At each "place" we will consider and reflect on both the positive and the negative impacts that digital tech can have on one of the four main elements of our physical world, with a fifth stop being led by a member of YouthDESC to consider youth perspectives on these issues.

The walk is only about 4 kms in length and would take less than an hour if done directly, but with 15 minutes of discussion in each "place", and permitting some meandering on the way, we anticipate that we will conclude by 18.30.  Those who cannot join at the beginning are mopst welcome to find us on the way and join the conversation.

 


Prof Tim Unwin
Prof Tim Unwin Chairholder of the UNESCO Chair in ICT4D and Emeritus Professor of Geography Royal Holloway, University of London (United Kingdom) Moderator

Tim Unwin CMG is Chairholder of the UNESCO Chair in ICT4D and Emeritus Professor of Geography at Royal Holloway, University of London.  He was Secretary General of the Commonwealth Telecommunications Organisation from 2011-2015, was Chair of the Commonwealth Scholarship Commission from 2009-2014, and over the last decade has worked closely with UN agencies such as the ITU, UNESCO and UNICEF. His influential edited book Information and Communication Technologies for Development, was published by CUP in 2009, and his latest book Reclaiming ICT4D was published by OUP in 2017.  His research focuses on the inequalities caused by the use of digital technologies.  In 2020 he led the production of a report on Education for the Most Marginalised post-COVID-19: Guidance for governments on the use of digital technologies in education funded by the World Bank and DFID, and in 2021 he launched the Digital-Environment System Coalition (DESC) to change global understanding of the impact of digital technologies on the physical environment.  He is an inspirational speaker, highly effective leader, and internationally respected author, with 16 books and more than 250 other publications to his credit. 


Paul Spiesberger
Paul Spiesberger Chair ICT4D.at ICT4D.at (Austria)

Paul Spiesberger has been the chairman of ICT4D.at since 2014 and in his spare time enjoys using his skills for the common good.  He is also a member of DESC.  He graduated as a computer scientist with a focus on media informatics from the Vienna University of Technology, where he is currently also doing his PhD.  He works with INSO (the Research Group for Industrial Software) as a researcher and lecturer in the field of mobile technologies and ICT4D. He is currently employed as a software developer for mobile technologies within a fast growing Austrian company.   He has won several national and international awards for his innovative work at Os – a collective to tackle social issues through the use of ICTs.


Tasfia Rahman
Tasfia Rahman Graduate Research Assistant University of Canberra (Australia)

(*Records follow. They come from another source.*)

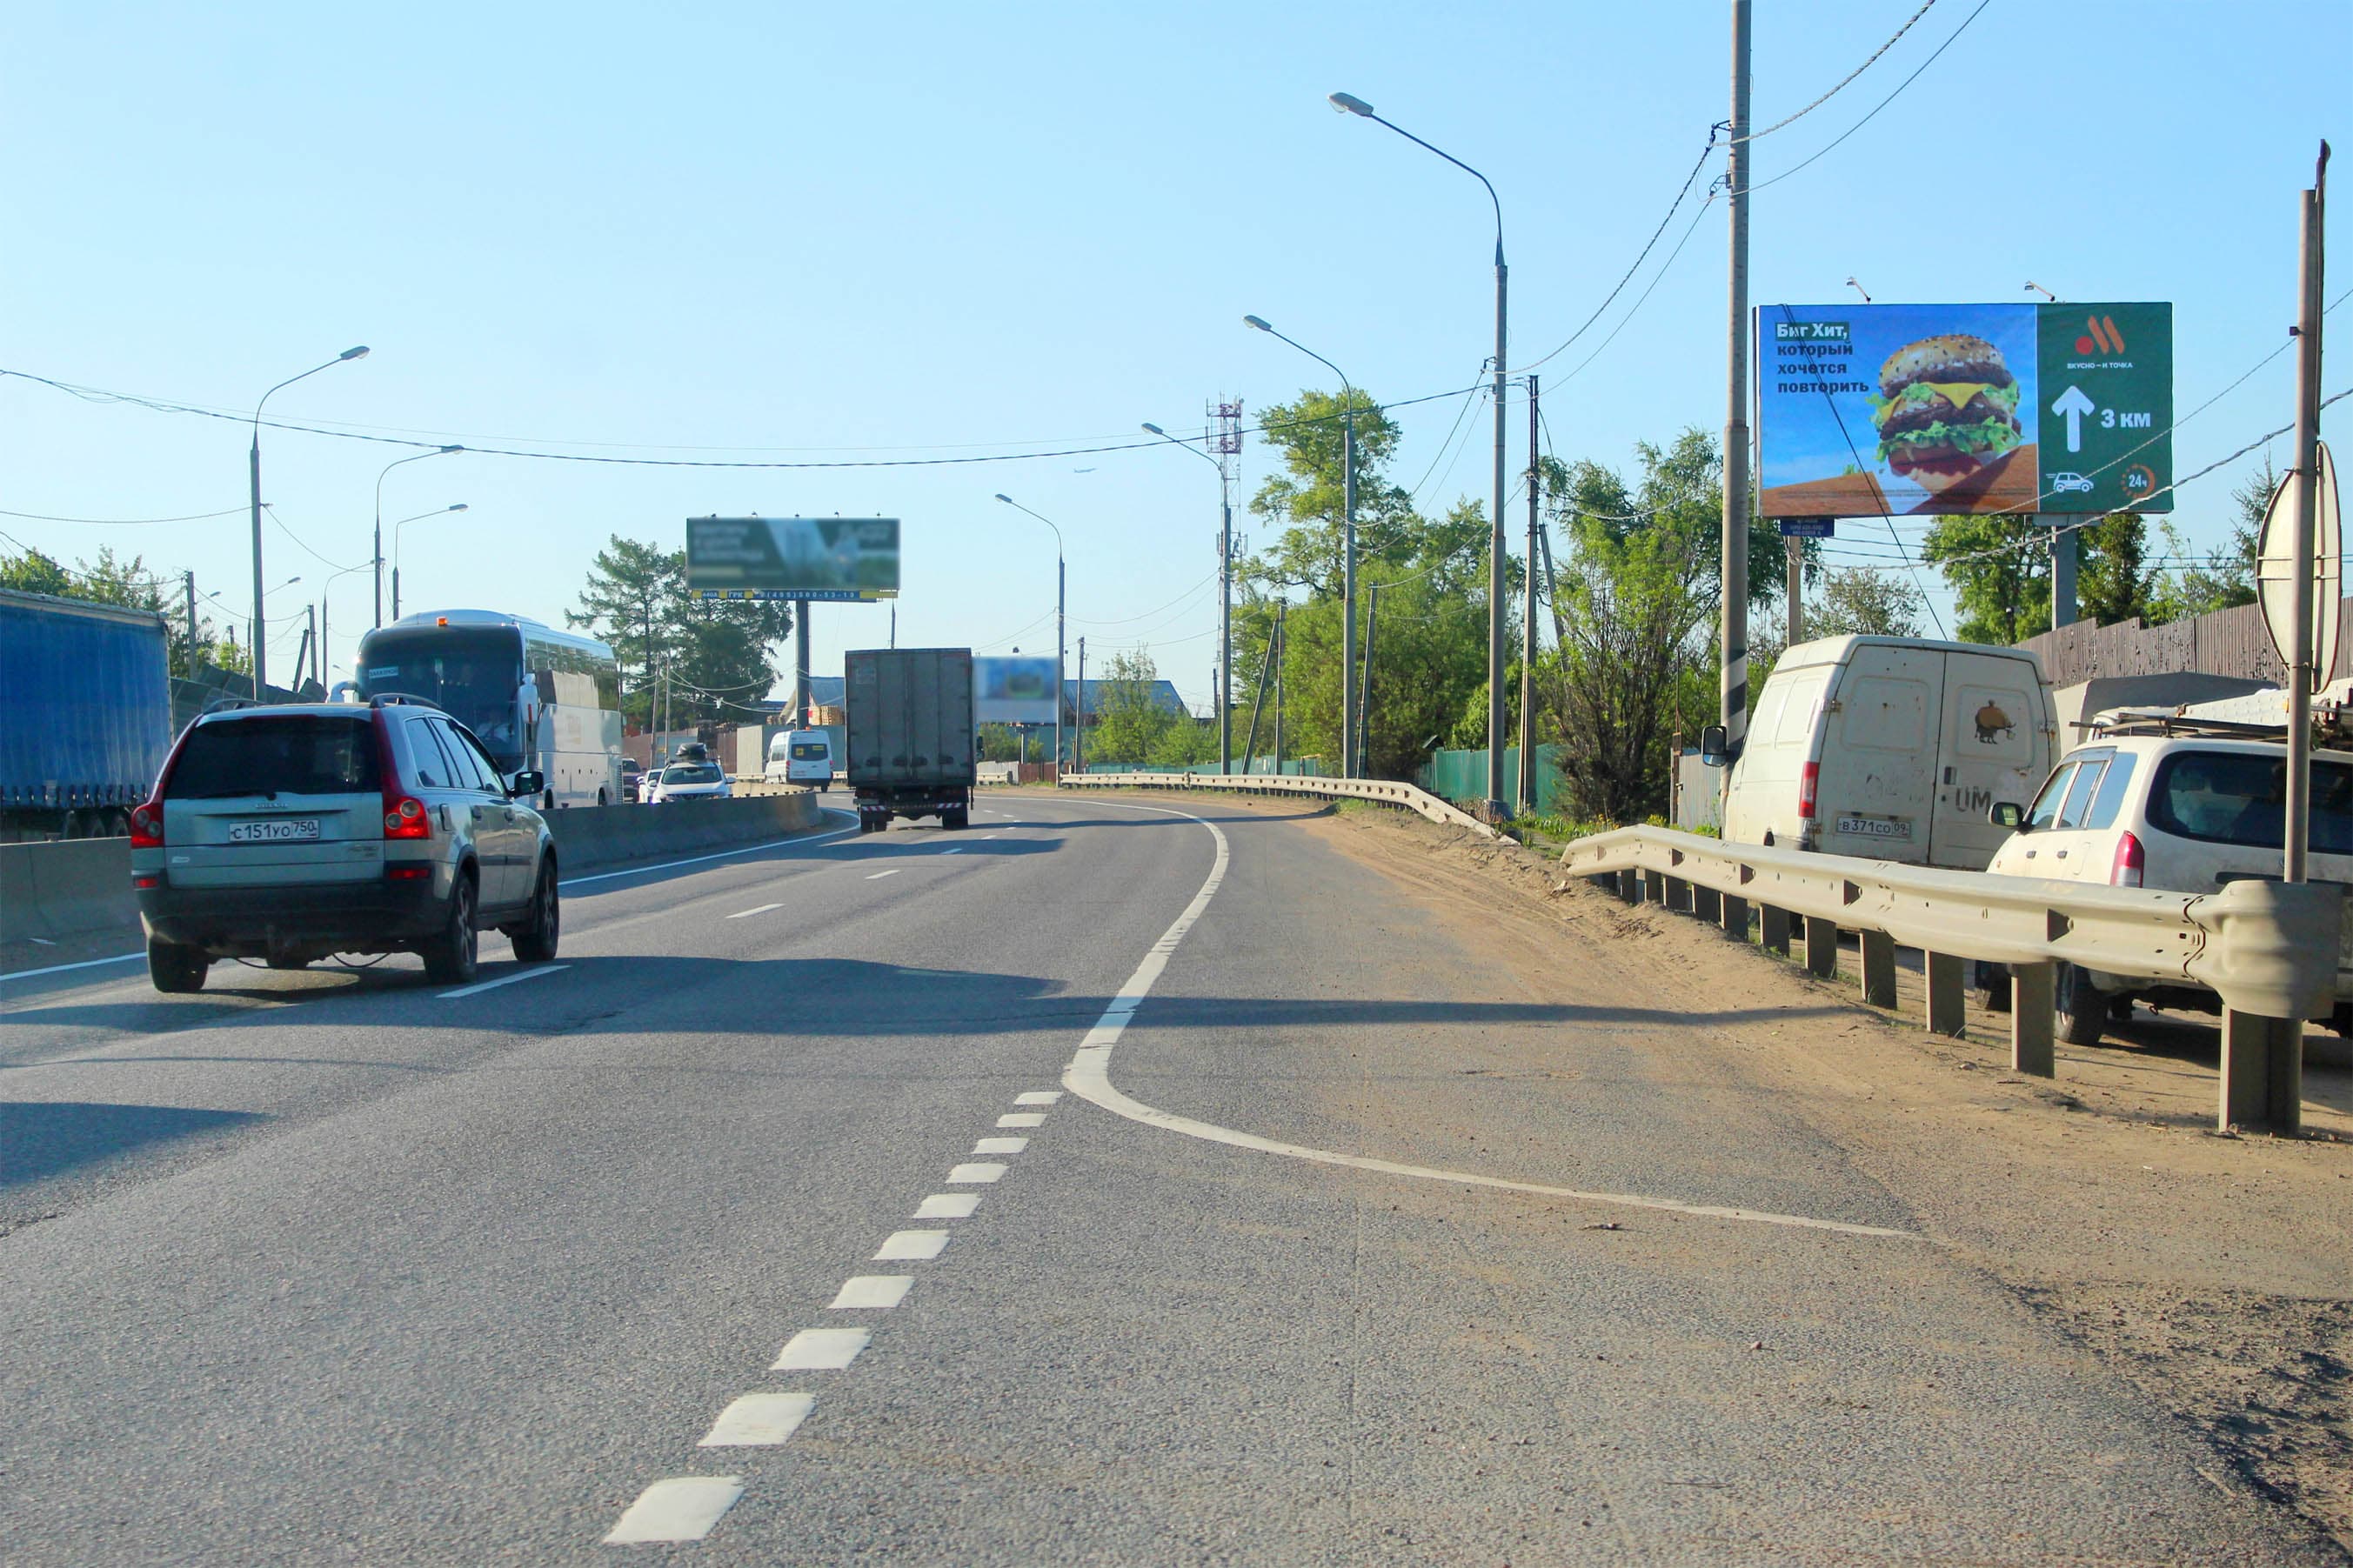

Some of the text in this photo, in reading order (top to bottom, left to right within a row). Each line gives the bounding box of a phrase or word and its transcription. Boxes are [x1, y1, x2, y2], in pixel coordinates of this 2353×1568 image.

[1777, 324, 1848, 339] Биг Хит,
[1777, 340, 1853, 357] который
[1777, 364, 1847, 375] хочется
[1778, 382, 1869, 395] повторить
[2101, 409, 2116, 428] 3
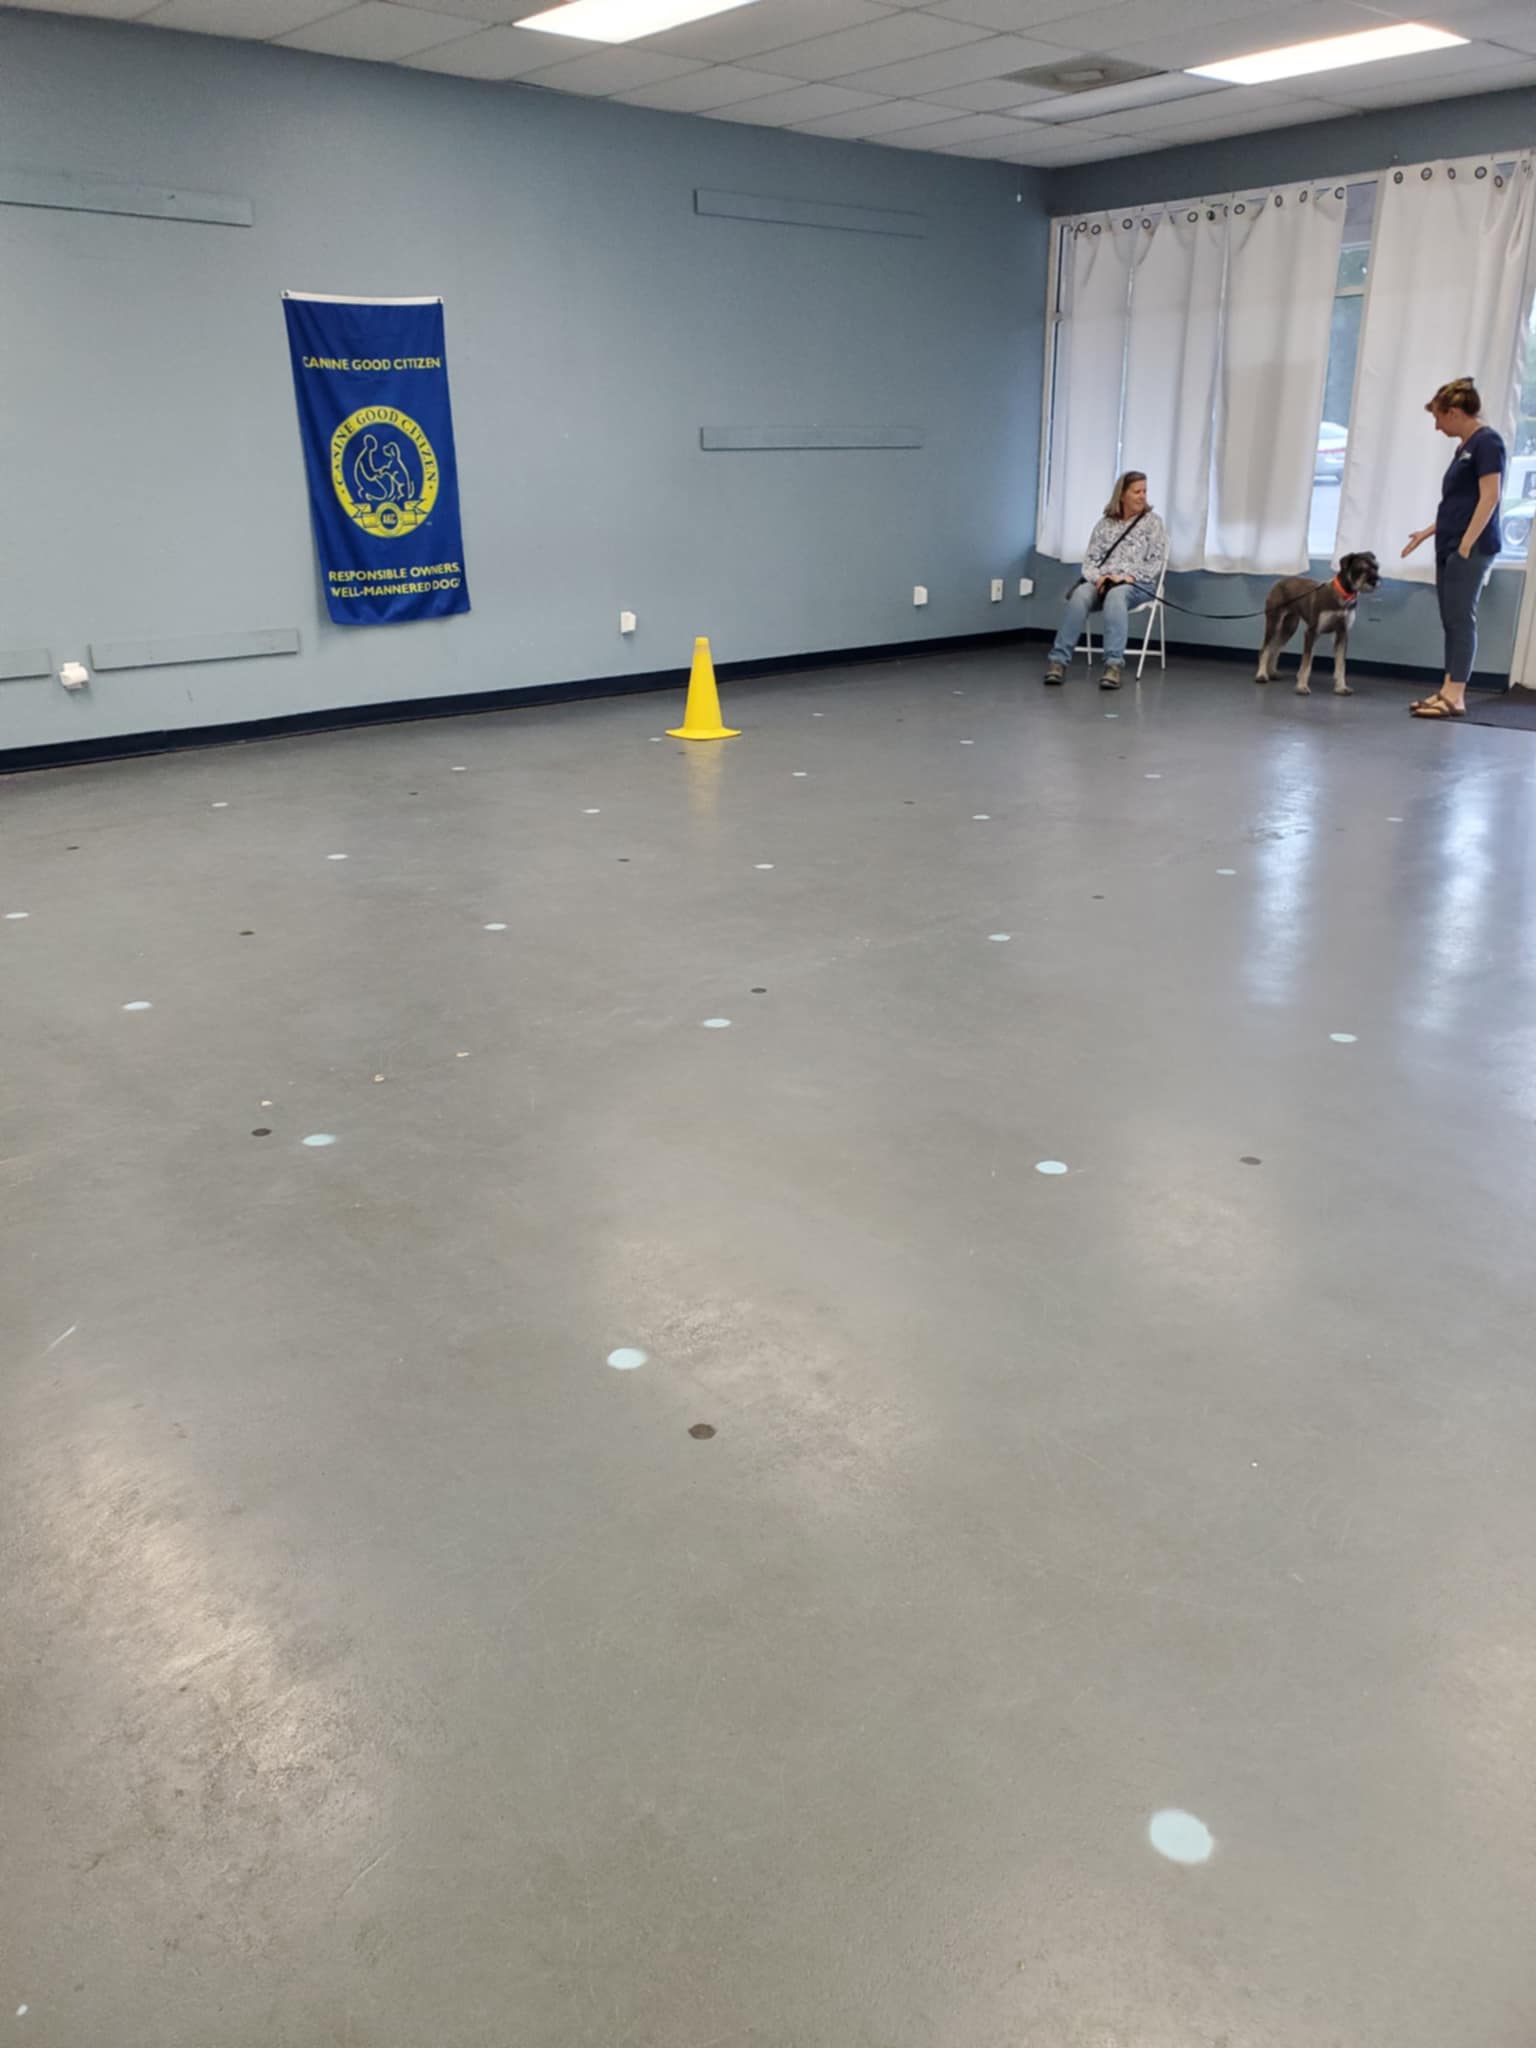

A member of YouthDESC, Tasfia is a Graduate Research Assistant at the University of Canberra, with research interests in feminism, intersectionality and the capabilites approach in understanding the social impact of digital technologies.


Dr. Ahmed Imran
Dr. Ahmed Imran Assistant Professor, Information, Technology (IT) & Systems, and Director of RC-DISC University of Canberra (Australia)

Dr. Ahmed Imran (Information Systems researcher at the University of Canberra) is Leader of the Research Cluster for Digital Inequality and Social Change (RC-disc) and has special interests in the strategic use of IT, eGovernment, ICT4D and socio-cultural impacts of ICT.  He is also a member of DESC.  His current research includes IT innovation and design, child online protection, organizational/societal transformations through ICT, and the short- and long-term influence of IT in shaping the societies of the future. He has recently implemented an action design research project in Bangladesh funded by AusAID that has made a significant impact on the country’s capacity building in the area of e-government. He is also the Lead author of the textbook “eGovernment Management for developing countries”.


Topics
Cultural Diversity Digital Inclusion Education Environment Ethics Infrastructure
WSIS Action Lines
  • AL C6 logo C6. Enabling environment
  • AL C7 E–ENV logo C7. ICT applications: benefits in all aspects of life — E-environment
  • AL C7 E–AGR logo C7. ICT applications: benefits in all aspects of life — E-agriculture
  • AL C7 E–SCI logo C7. ICT applications: benefits in all aspects of life — E-science
  • AL C10 logo C10. Ethical dimensions of the Information Society
  • AL C11 logo C11. International and regional cooperation

This walk, together with Session 204, is about fundamentally reassessing the ways through which the design and use of digital tech interacts with the physical environment.  DESC's aims are to developing a holistic model of these interactions that examines both the positive and negative impacts of tech on the environment, going far beyond the current focus of attention largely on climate change.  It seeks ultimately to develop a new way of understanding these interactions that can mitigate the harms of digtal tech thus enabling its benefits to be experienced by all. 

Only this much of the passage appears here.